Inafferrabile
“… capite???”
L’uomo che parlava senza virgole concludeva così la
sua requisitoria davanti a una frotta di gabbiani dal becco mandarino. Loro,
impegnati com’erano a piluccare un tozzo di pane vicino alla bitta n. 66, non
avevano dato molto retta ai quei discorsi sul furto di vecchi vinili.
Così lui, per la strada, cercò di concentrarsi
sulle sue mani. Le dita dell’uomo senza virgole infatti, se lasciate andare
tremavano sempre, e tenerle a bada costava ogni volta sudore. Era febbraio, era
giovedì, era mezzogiorno, aveva appena finito di alzare certi giganteschi
container con la sua gru a cavaliere e si preparava a scegliere con cura.
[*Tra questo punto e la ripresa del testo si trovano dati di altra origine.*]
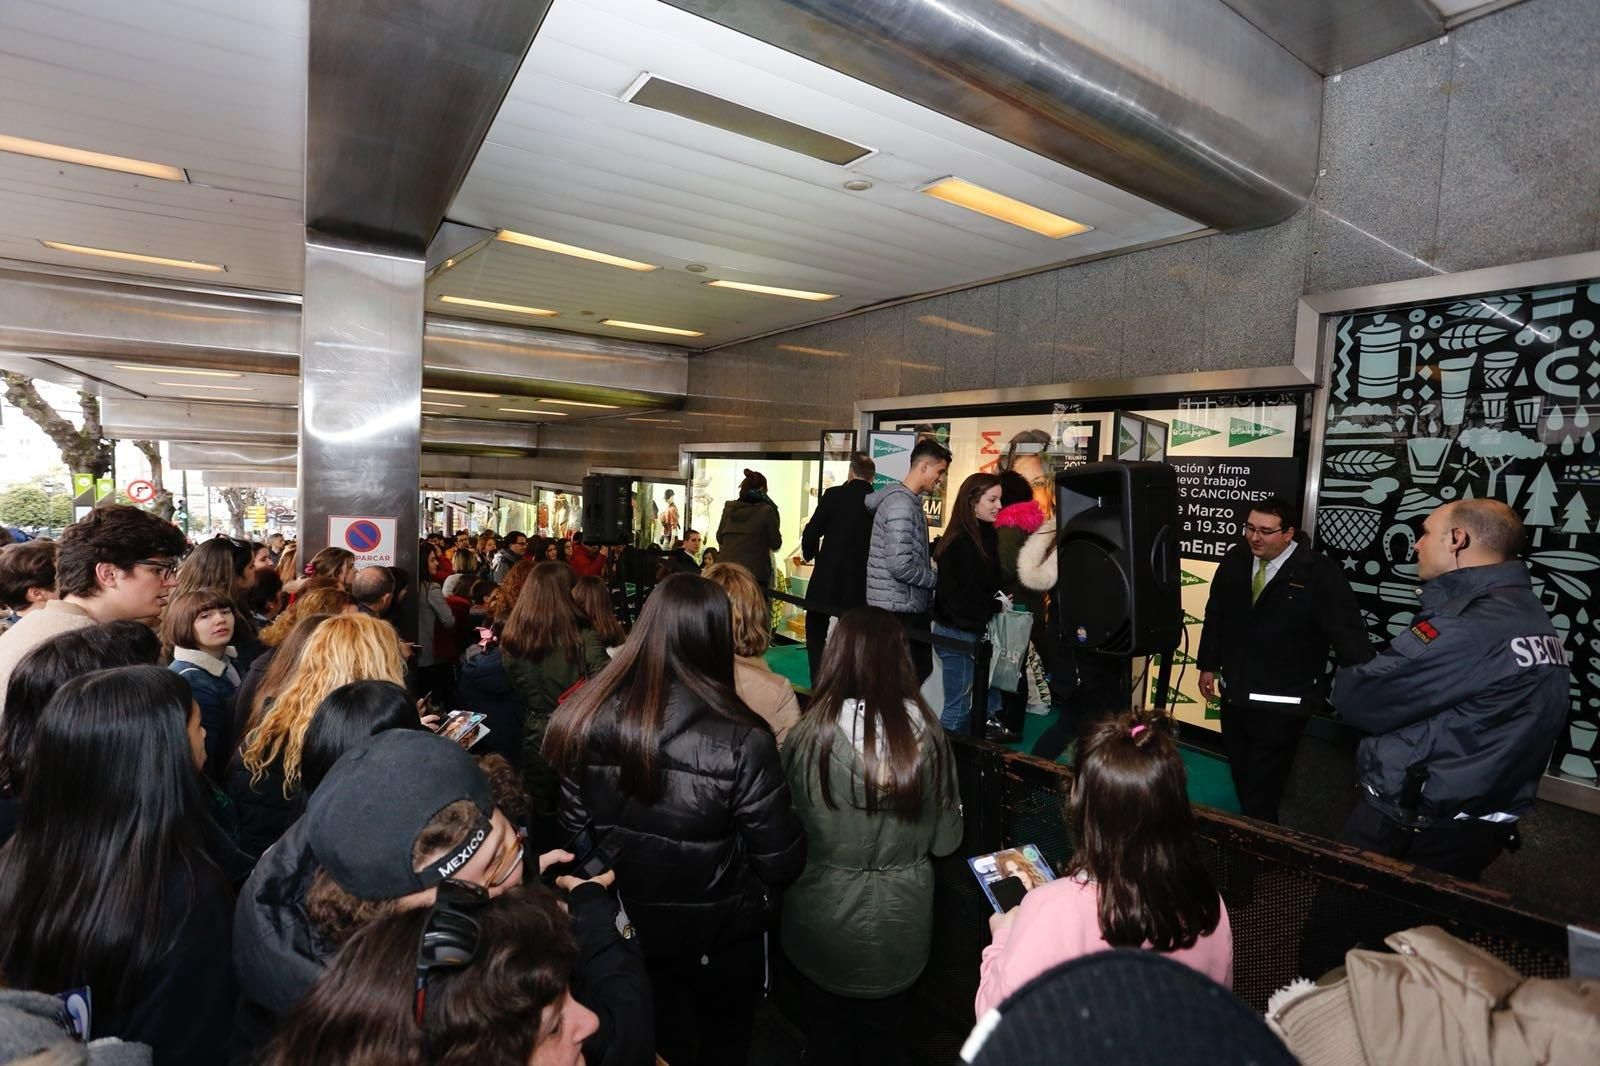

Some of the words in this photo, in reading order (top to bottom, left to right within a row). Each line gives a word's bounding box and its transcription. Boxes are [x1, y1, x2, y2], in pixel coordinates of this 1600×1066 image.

[1170, 464, 1204, 474] ación
[1207, 466, 1215, 475] y
[1218, 464, 1250, 475] firma
[1204, 476, 1247, 488] trabajo
[1188, 504, 1234, 518] Marzo
[1184, 522, 1192, 531] a
[1196, 520, 1236, 535] 19.30
[438, 830, 484, 878] MEXICO
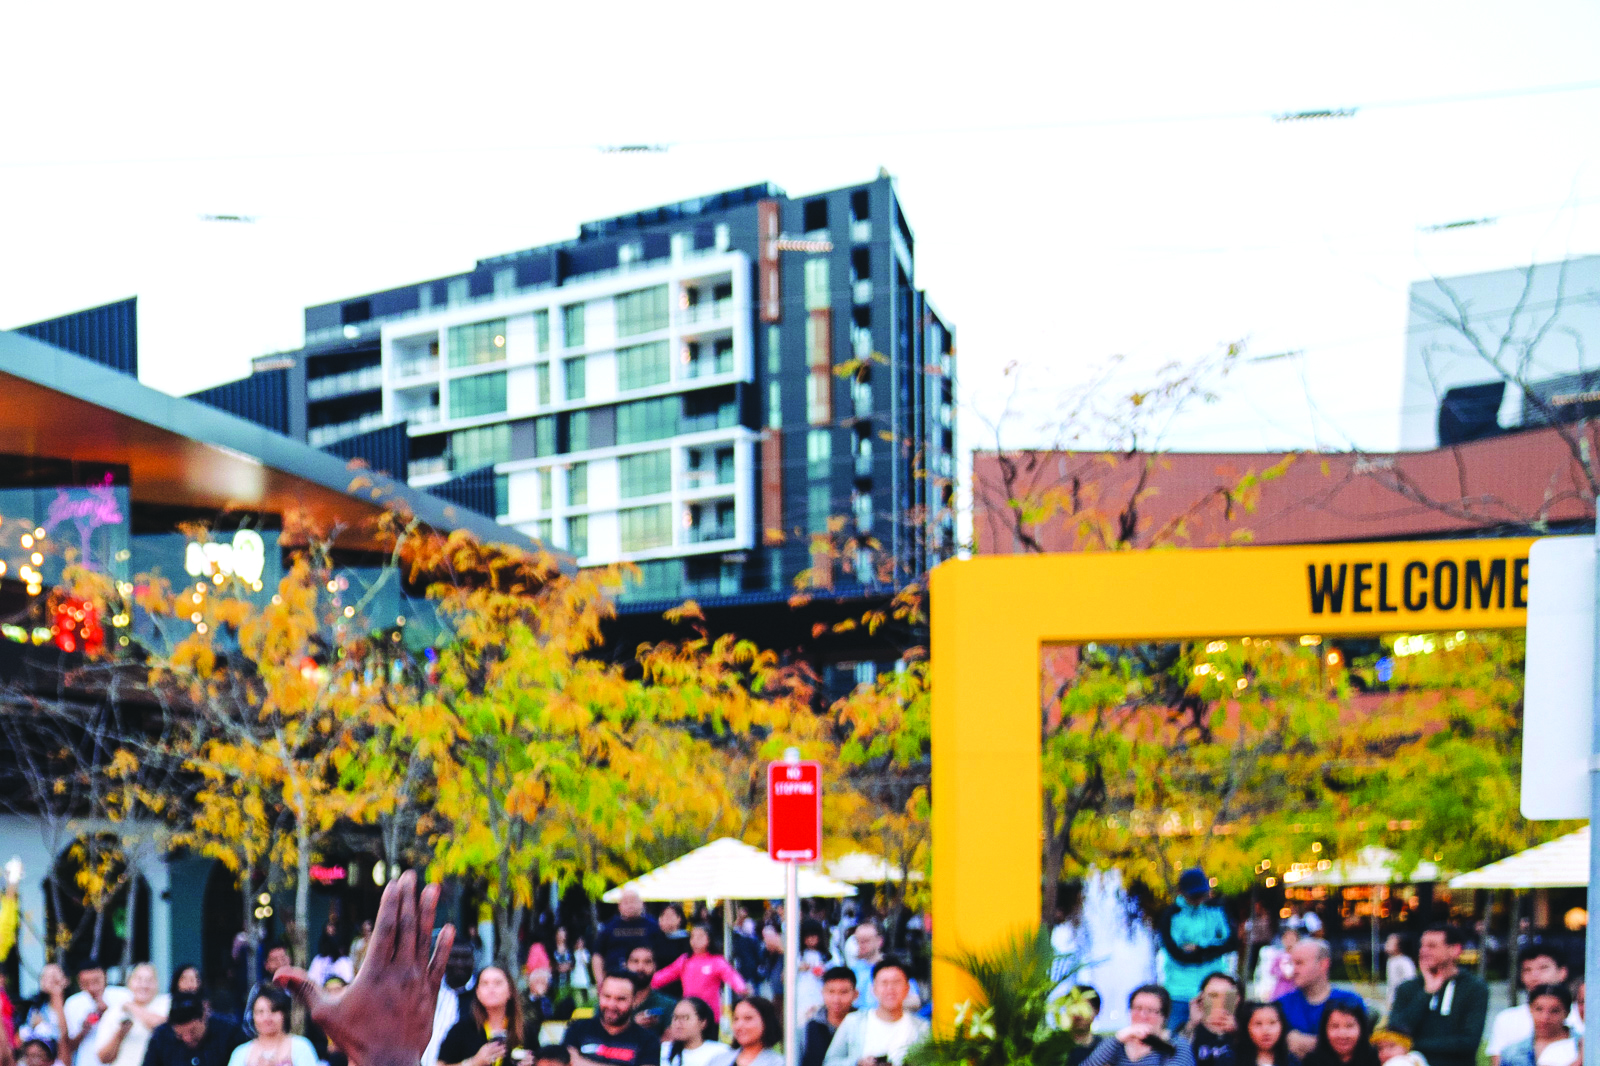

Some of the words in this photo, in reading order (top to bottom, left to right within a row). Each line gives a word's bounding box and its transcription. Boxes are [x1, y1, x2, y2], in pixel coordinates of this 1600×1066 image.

Avrebbe evitato da subito rock e disco music, troppo centrali, si sarebbe
portato verso i più laterali jazz e folklore; poi, nell’attesa che i clienti
intorno si facessero almeno in quattro o cinque, avrebbe iniziato ad abbassare
la lampo della tuta preparando la pescata.
Alzò lo sguardo. In quella striscia di cielo sopra
il vicolo, il sole dormiva dietro un foglio di grigie nubi, come in un lutto.
Abbassò lo sguardo. Nel vicolo c’erano mani e si
muovevano, accendevano sigarette, impastavano paste di pane, accarezzavano
gatti, reggevano bicchieri, indicavano altre mani, ovunque. L’uomo senza
virgole guardò le sue: larghe e tozze con i pollici smodati e quasi deformi, un
taglio profondo sulla nocca dell’indice e uno su quella del medio, tracce di
grasso che rendevano nera ogni linea del palmo.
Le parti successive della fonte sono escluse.